CORS stands for Cross-Origin Resource Sharing. It’s a browser security feature that restricts how web pages loaded from one origin can request resources from another origin.
🧪 Example:
Your frontend is hosted at https://myfrontend.com
and your backend API is at https://myapi.com
. Even though they both belong to you, the browser considers this a cross-origin request.
CORS helps prevent malicious sites from making unauthorized requests on behalf of users to other origins (a.k.a. CSRF attacks).
🔒 Why CORS is Important
Without CORS, any website could make requests to your API using a logged-in user's credentials. That would be a major security issue.

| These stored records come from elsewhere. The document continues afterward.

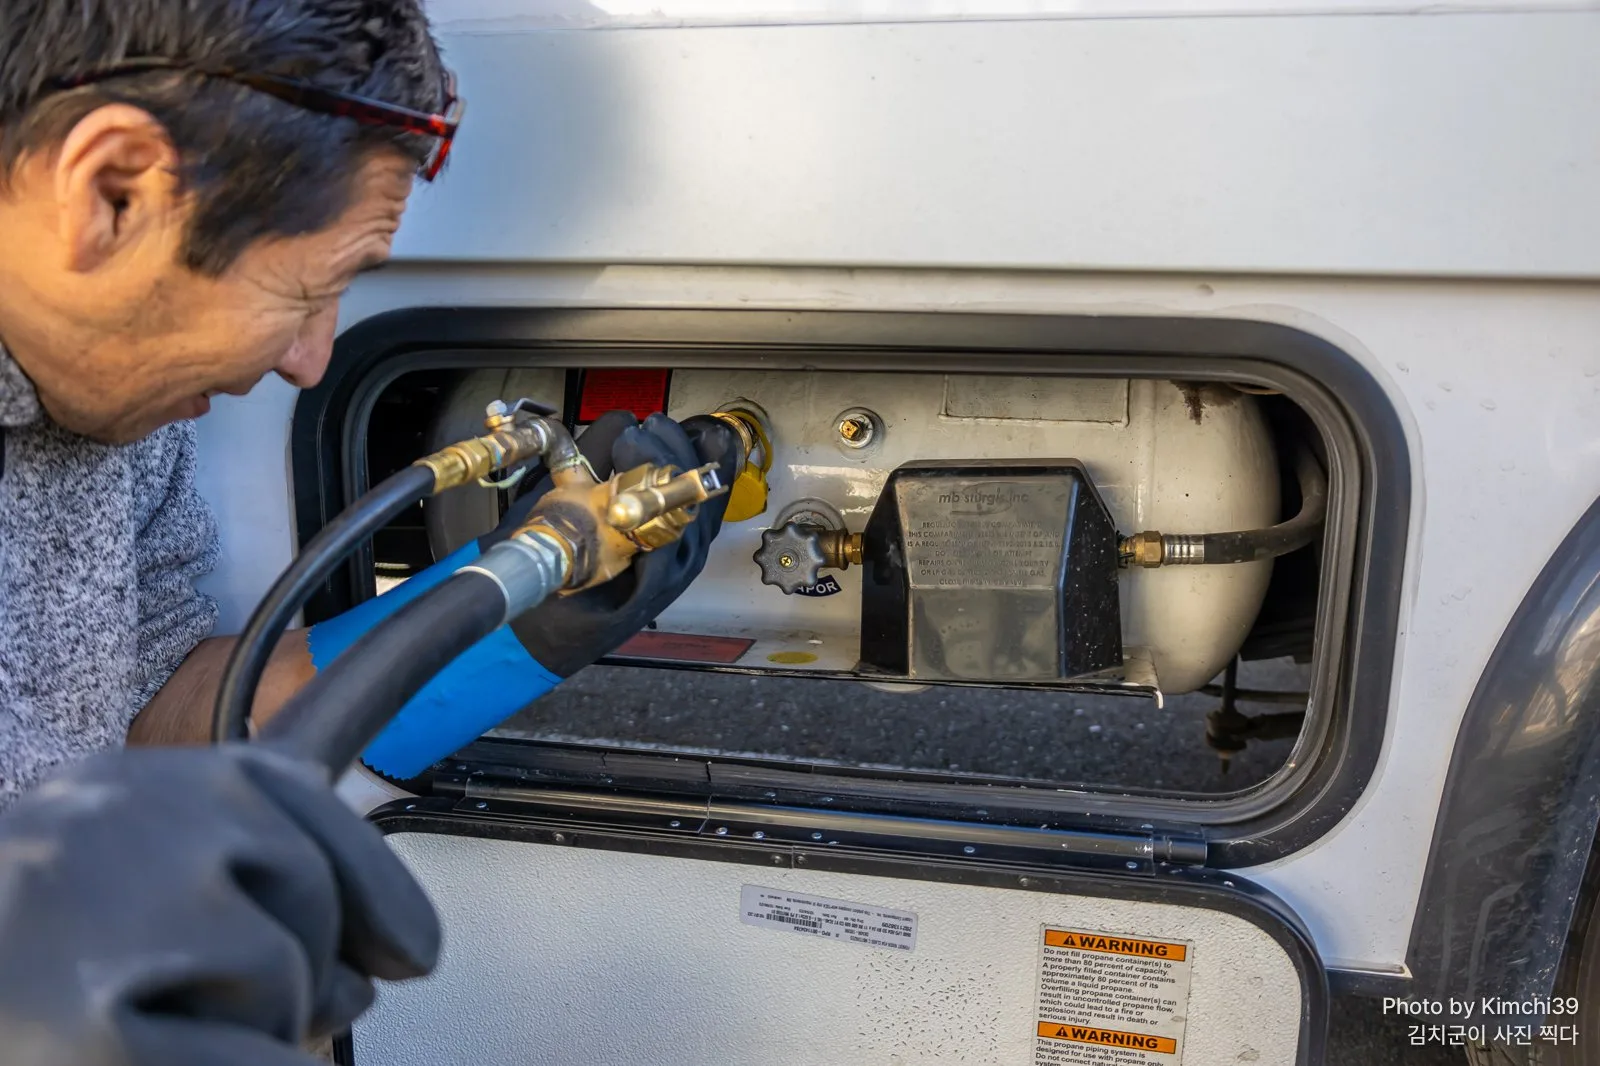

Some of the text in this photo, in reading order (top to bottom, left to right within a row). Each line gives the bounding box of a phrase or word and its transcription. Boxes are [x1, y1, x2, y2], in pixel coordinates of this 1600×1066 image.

[939, 493, 959, 503] mb
[1079, 935, 1168, 956] WARNING
[1082, 953, 1113, 962] propane
[1115, 956, 1162, 967] container(s)
[1094, 961, 1123, 970] percent
[1135, 966, 1168, 976] capacity.
[1042, 969, 1095, 981] approximately
[1108, 978, 1137, 987] percent
[1050, 963, 1081, 973] properly
[1104, 970, 1140, 979] container
[1142, 974, 1175, 983] contains
[1042, 976, 1069, 984] volume
[1078, 980, 1098, 989] liquid
[1040, 998, 1062, 1006] which
[1041, 983, 1079, 994] Overfilling
[1082, 989, 1113, 999] propane
[1114, 993, 1160, 1004] container(s)
[1040, 1005, 1075, 1015] explosion
[1073, 995, 1120, 1006] uncontrolled
[1122, 1001, 1154, 1011] propane
[1156, 1005, 1174, 1013] flow,
[1039, 1012, 1066, 1021] serious
[1071, 1027, 1158, 1048] WARNING
[1036, 1046, 1068, 1055] designed
[1115, 1057, 1145, 1066] propane
[1054, 1041, 1083, 1051] propane
[1086, 1045, 1108, 1054] piping
[1110, 1049, 1137, 1058] system

CORS gives you control over which origins can interact with your API. It's like putting a guest list at the door to your backend party 🎉.
⚙️ How CORS Works
When a browser detects a cross-origin request, it sends a preflight request (an HTTP OPTIONS request) to the server. The server must respond with headers like:
Access-Control-Allow-Origin: https://myfrontend.com
Access-Control-Allow-Methods: GET, POST
Access-Control-Allow-Headers: Content-Type
If the response looks good, the browser proceeds. If not, it blocks the request.

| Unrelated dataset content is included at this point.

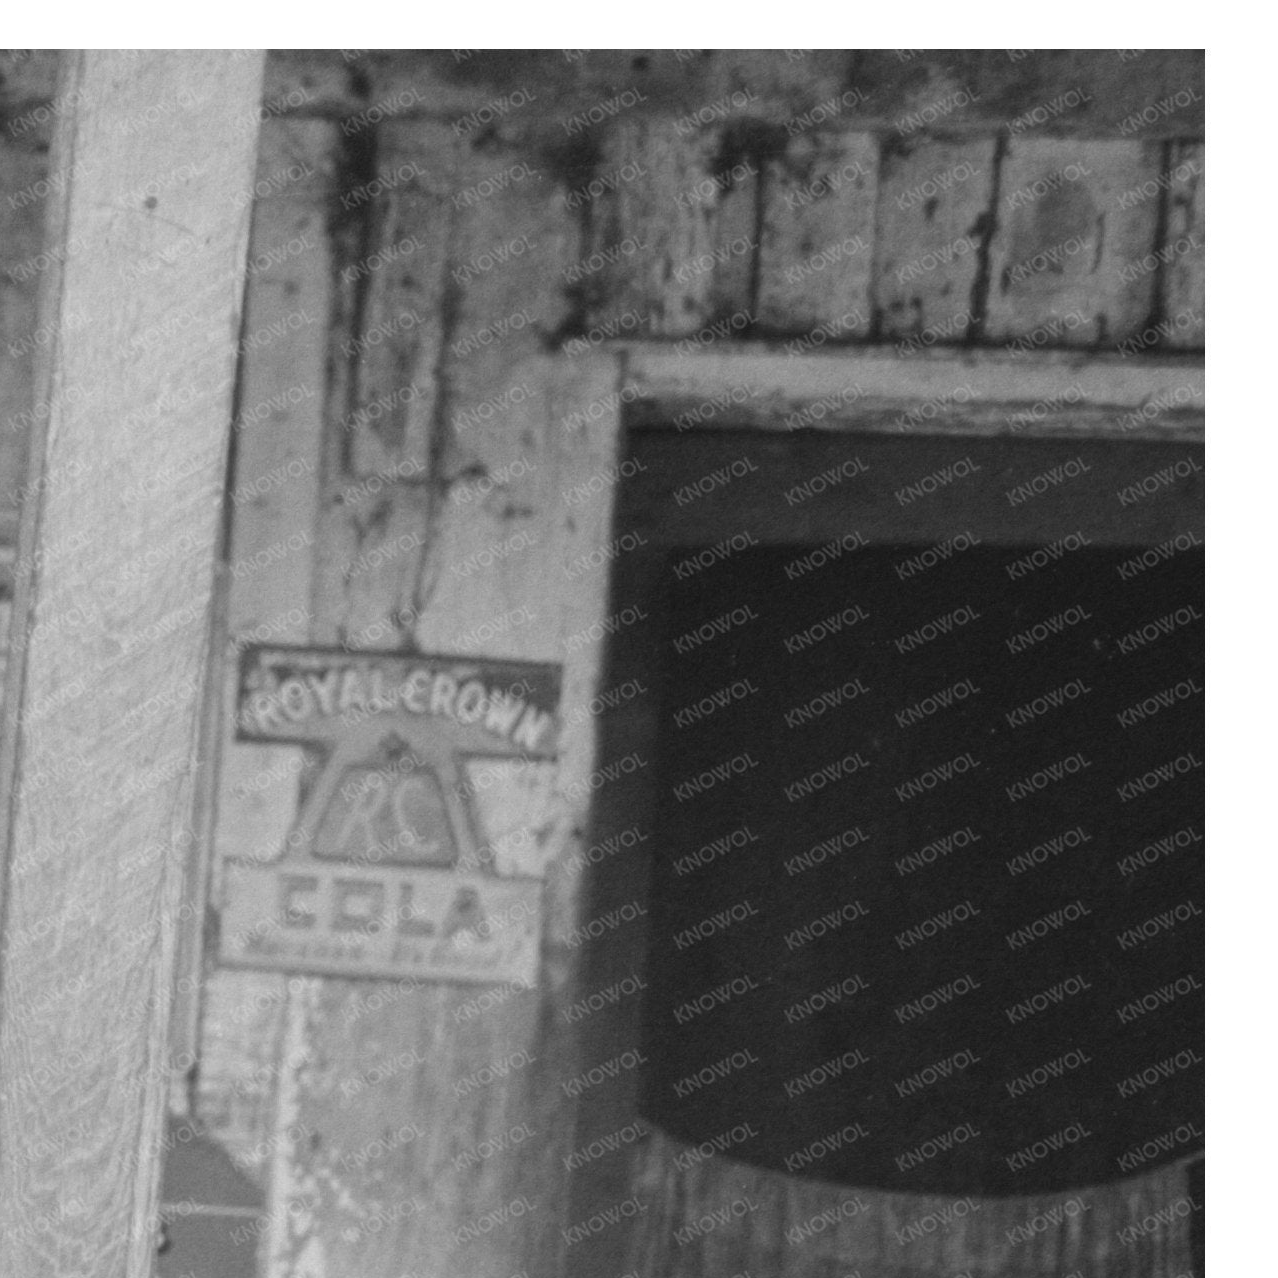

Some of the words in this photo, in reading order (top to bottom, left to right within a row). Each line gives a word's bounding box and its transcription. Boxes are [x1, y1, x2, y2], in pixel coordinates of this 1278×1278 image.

[251, 669, 393, 733] ROYAL
[402, 669, 552, 749] CROWN
[276, 873, 492, 943] COLA

🚀 Implementing CORS in Node.js (with Express)
Node.js + Express makes it super easy using the cors
middleware.
✅ Basic Setup:
npm install cors
const express = require('express');
const cors = require('cors');
const app = express();
// Allow all origins (not recommended for production)
app.use(cors());
// OR allow specific origins
app.use(cors({
origin: 'https://myfrontend.com',
methods: ['GET', 'POST'],
allowedHeaders: ['Content-Type'],
}));
app.get('/api/data', (req, res) => {
res.json({ message: 'CORS works!' });
});
app.listen(3000, () => console.log('Server running on port 3000'));
🐍 Implementing CORS in FastAPI (Python)
FastAPI has first-class support for CORS via the fastapi.middleware.cors
module.
✅ Basic Setup:
pip install fastapi uvicorn
from fastapi import FastAPI
from fastapi.middleware.cors import CORSMiddleware
app = FastAPI()
# Allow specific origin
app.add_middleware(
CORSMiddleware,
allow_origins=["https://myfrontend.com"],
allow_credentials=True,
allow_methods=["*"],
allow_headers=["*"]
)
@app.get("/api/data")
def read_data():
return {"message": "CORS works!"}
🔧 Best Practices
- ✅ Always specify exact origins in production instead of using
*
- ✅ Restrict methods and headers to what’s needed
- 🚫 Never allow credentials with wildcard origins
- 🔒 Test with real frontend domains before going live
🧵 TL;DR
- CORS is a security feature that prevents unauthorized cross-origin requests.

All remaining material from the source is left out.